事故原因が分かった16頭では、水への転落が5頭、凍った川や湖の氷を踏み抜いた犬が3頭でした。さらに、泳ぎが得意だった犬が水底の泥に足を取られた例、プールカバーの下に閉じ込められた例、泳いでいる最中にけいれん発作を起こした例なども報告されています。

つまり、泳ぎが得意かどうかだけでは安全性を判断できません。疲労、流れ、障害物、病気、予期しない事故などによって、どの犬でも泳げなくなる可能性があります。

溺れた後は呼吸状態に注意

この28頭では、21頭、つまり75%に呼吸器障害が認められました。神経症状も12頭にみられ、最終的に18頭(64%)が退院しました。死亡または安楽死となった10頭のうち9頭では、呼吸不全が死亡または安楽死の主な理由でした。

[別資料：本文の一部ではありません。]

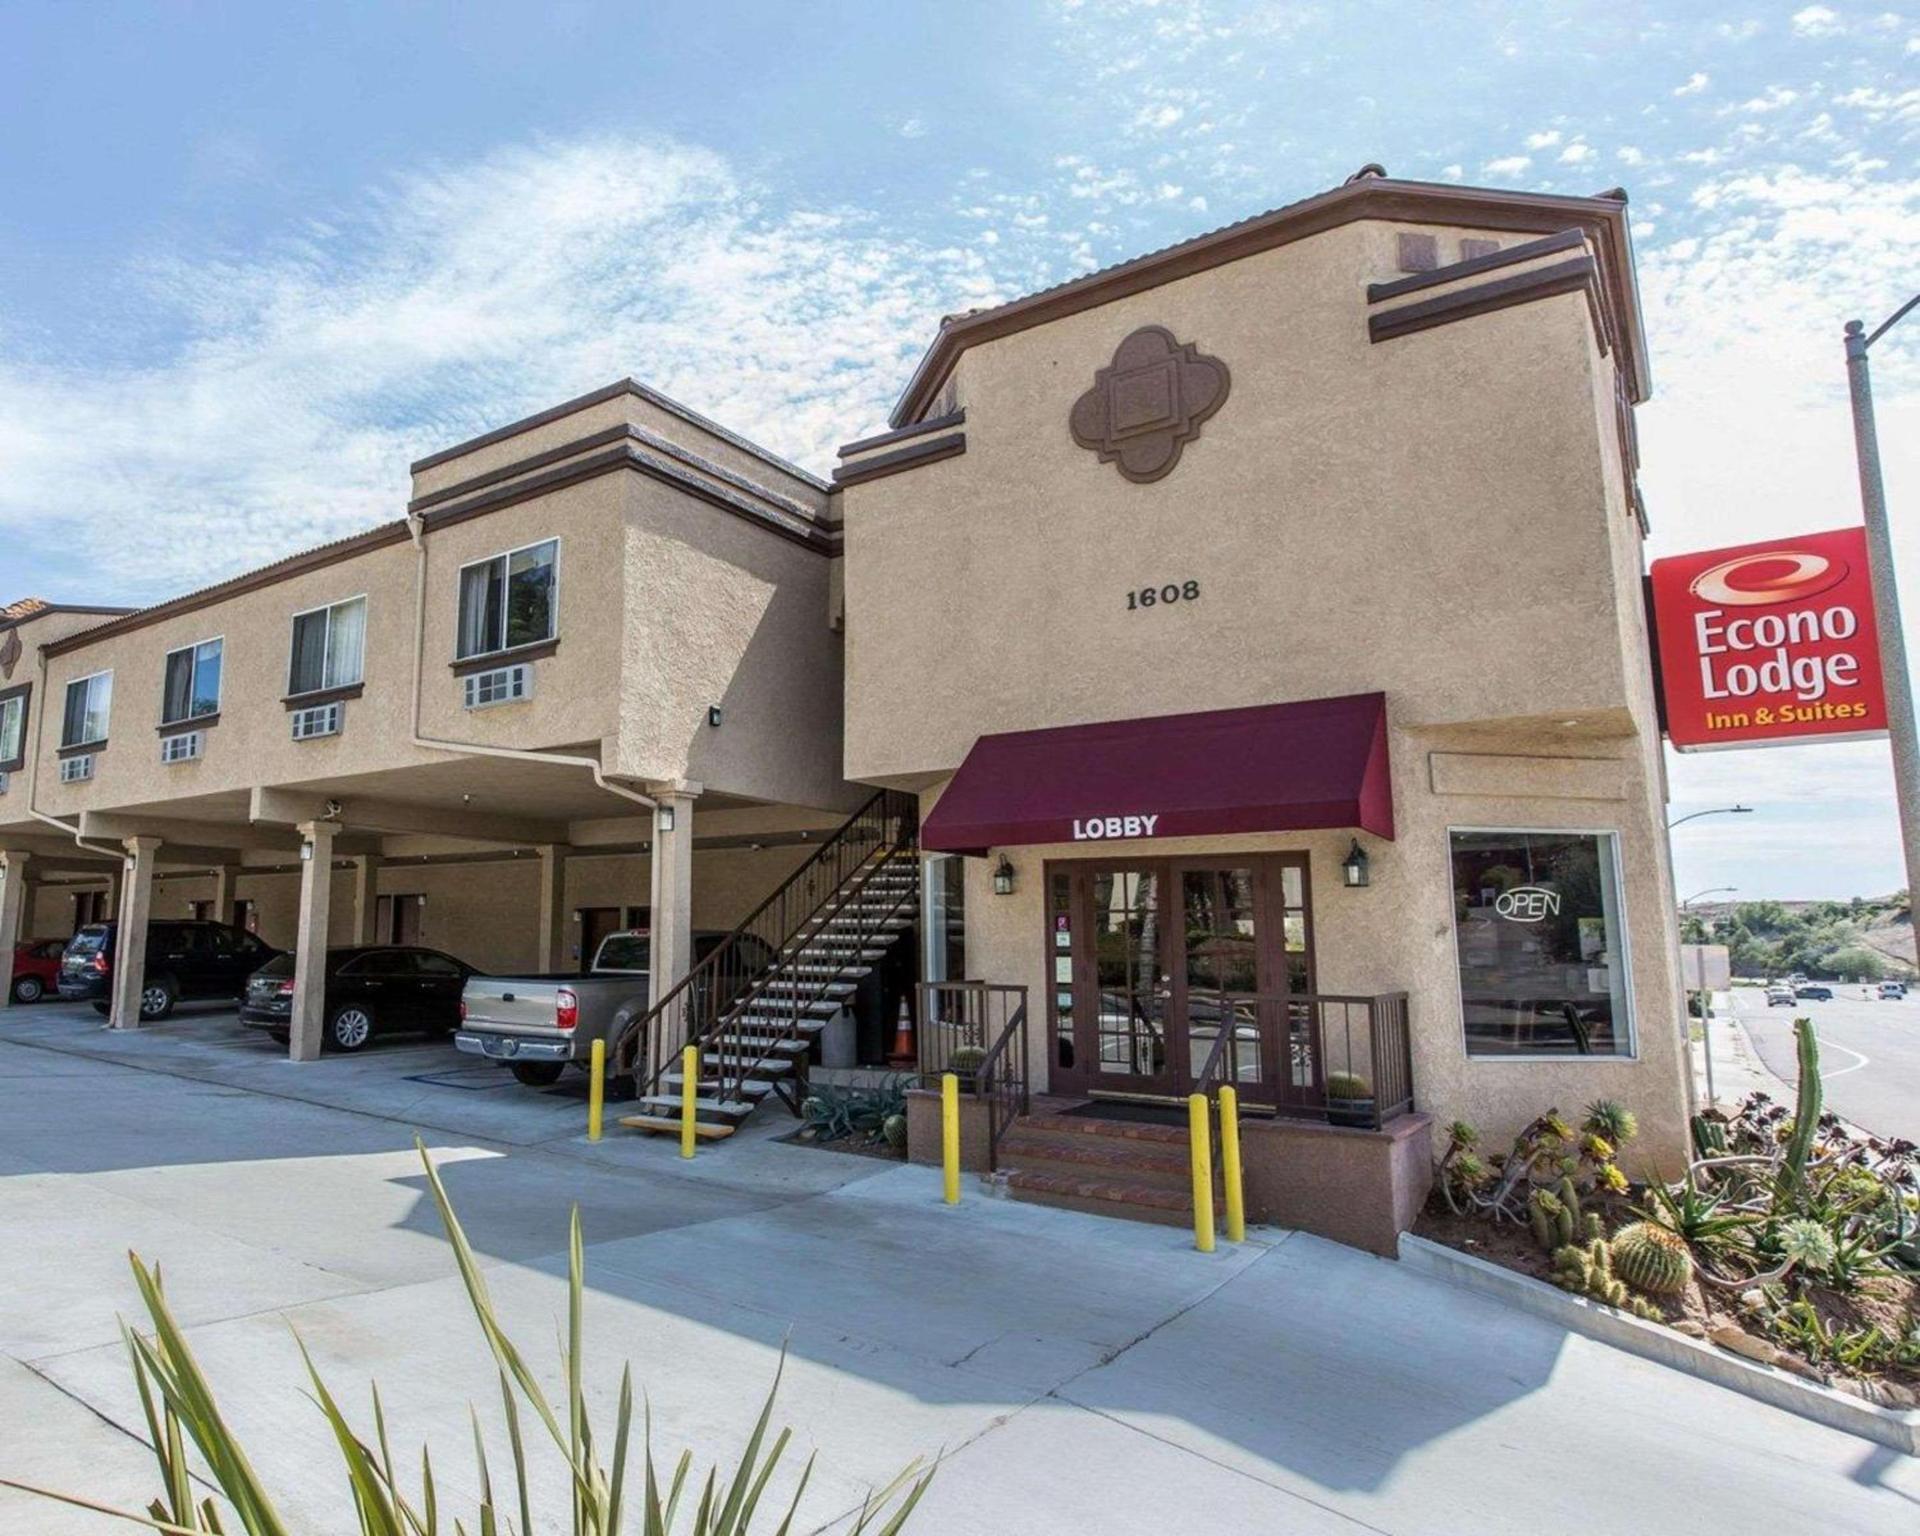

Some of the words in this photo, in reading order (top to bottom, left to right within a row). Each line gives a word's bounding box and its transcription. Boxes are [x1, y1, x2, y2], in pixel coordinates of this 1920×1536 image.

[1126, 580, 1200, 610] 1608
[1694, 606, 1857, 655] Econo
[1700, 647, 1859, 701] Lodge
[1705, 711, 1750, 730] Inn
[1755, 707, 1776, 726] &
[1779, 702, 1868, 723] Suites
[1073, 815, 1159, 840] LOBBY
[1495, 893, 1561, 916] OPEN
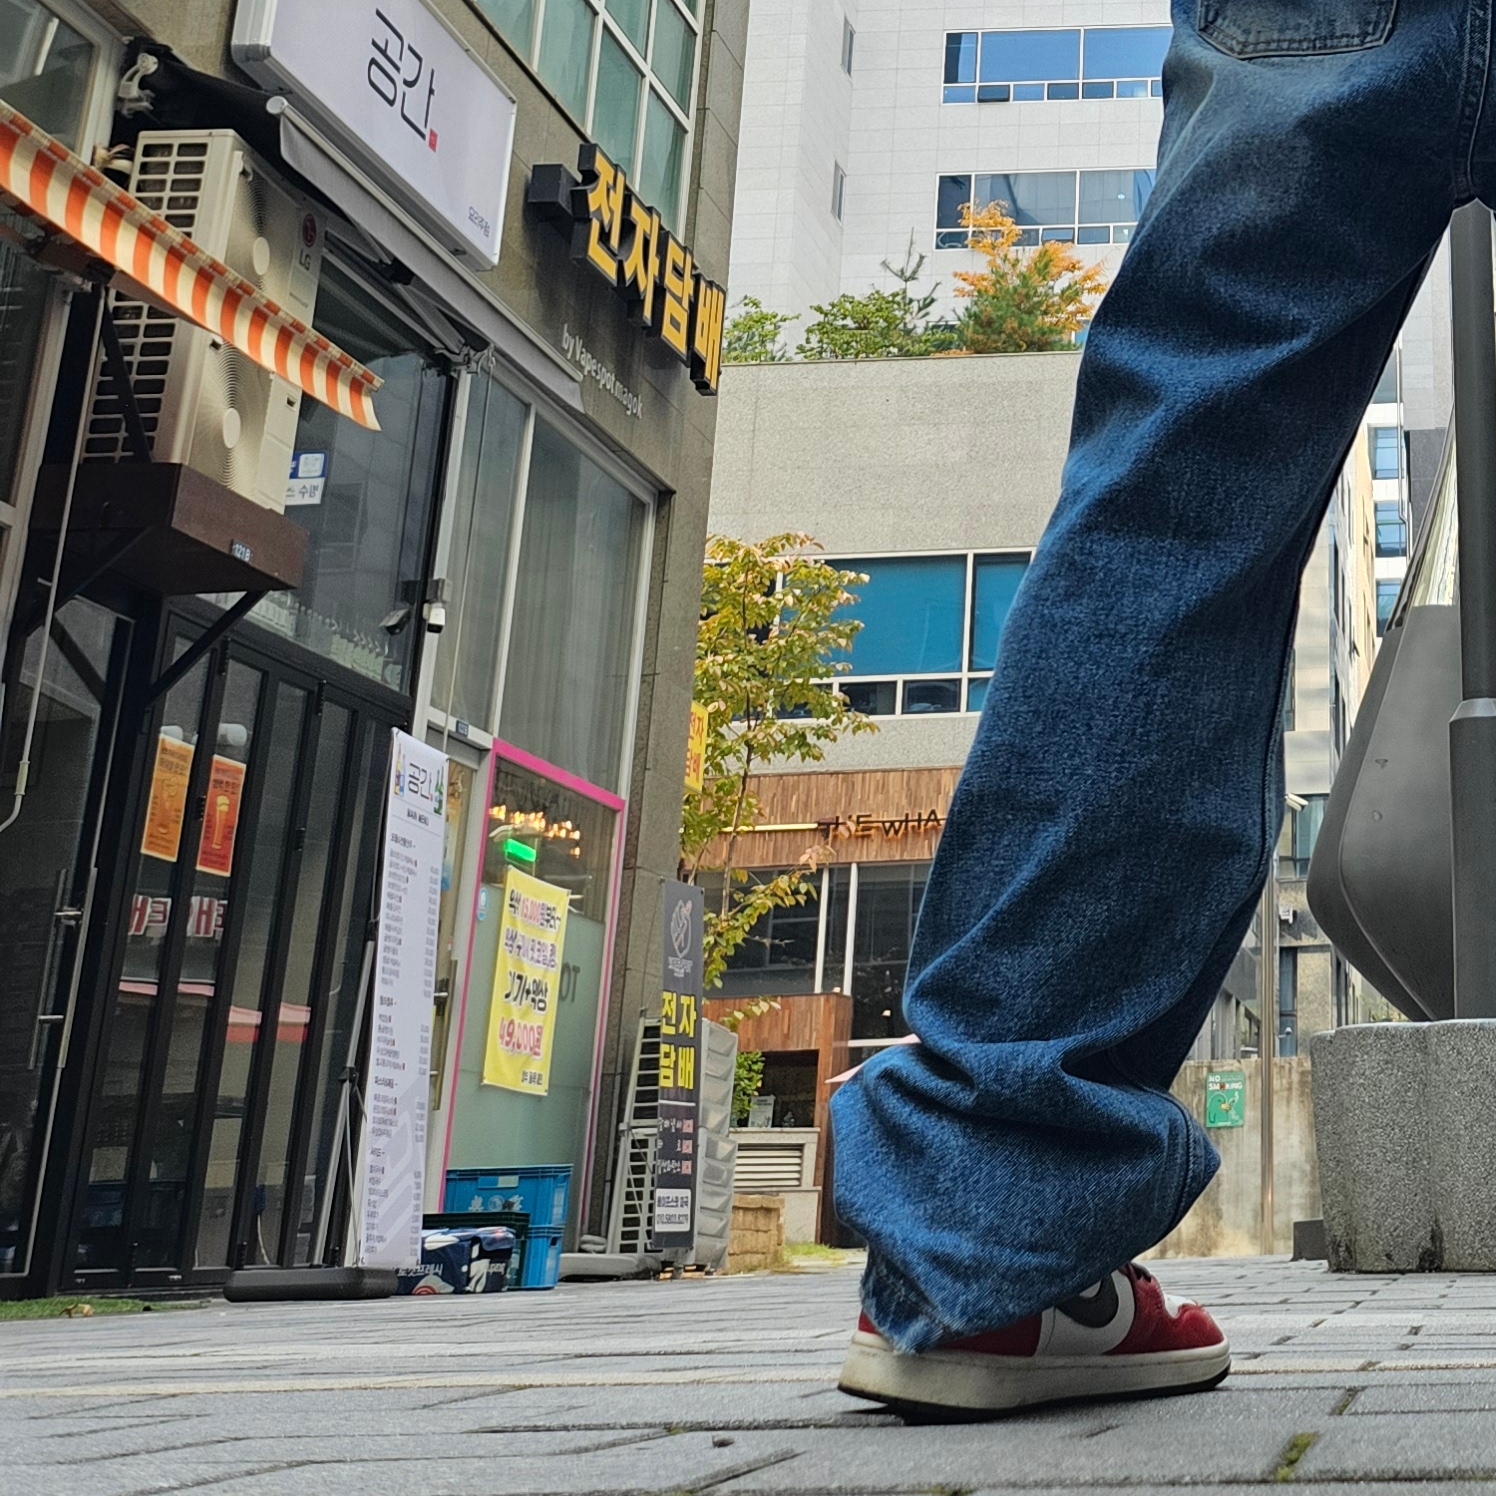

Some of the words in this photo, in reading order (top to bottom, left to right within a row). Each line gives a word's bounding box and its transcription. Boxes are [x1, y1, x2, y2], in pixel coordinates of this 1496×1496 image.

[367, 7, 436, 142] 공간
[468, 206, 491, 239] 요리주점
[299, 248, 311, 272] LG
[586, 146, 727, 393] 전자담배
[562, 323, 575, 360] by
[615, 377, 643, 419] magok
[407, 762, 433, 800] 공간
[662, 990, 697, 1038] 전자
[498, 1016, 544, 1057] 49,000원
[659, 1043, 695, 1090] 담배
[1208, 1075, 1221, 1083] NO

肺は水難事故で最も障害されやすい臓器です。水を吸い込むと肺胞が水浸しになり、酸素を十分に取り込めなくなることがあります。実際、この報告でも15頭で肺炎または急性肺障害が疑われ、死亡例ではARDS(急性呼吸窮迫症候群)に一致する肺病変も確認されています。

救出後に歩いていても、呼吸が速い、咳をする、苦しそうに呼吸する、元気がない、舌や粘膜が青紫色になる場合にはすぐに受診してください。明らかに水を吸い込んだ場合も、症状が軽く見えても動物病院へ相談してください。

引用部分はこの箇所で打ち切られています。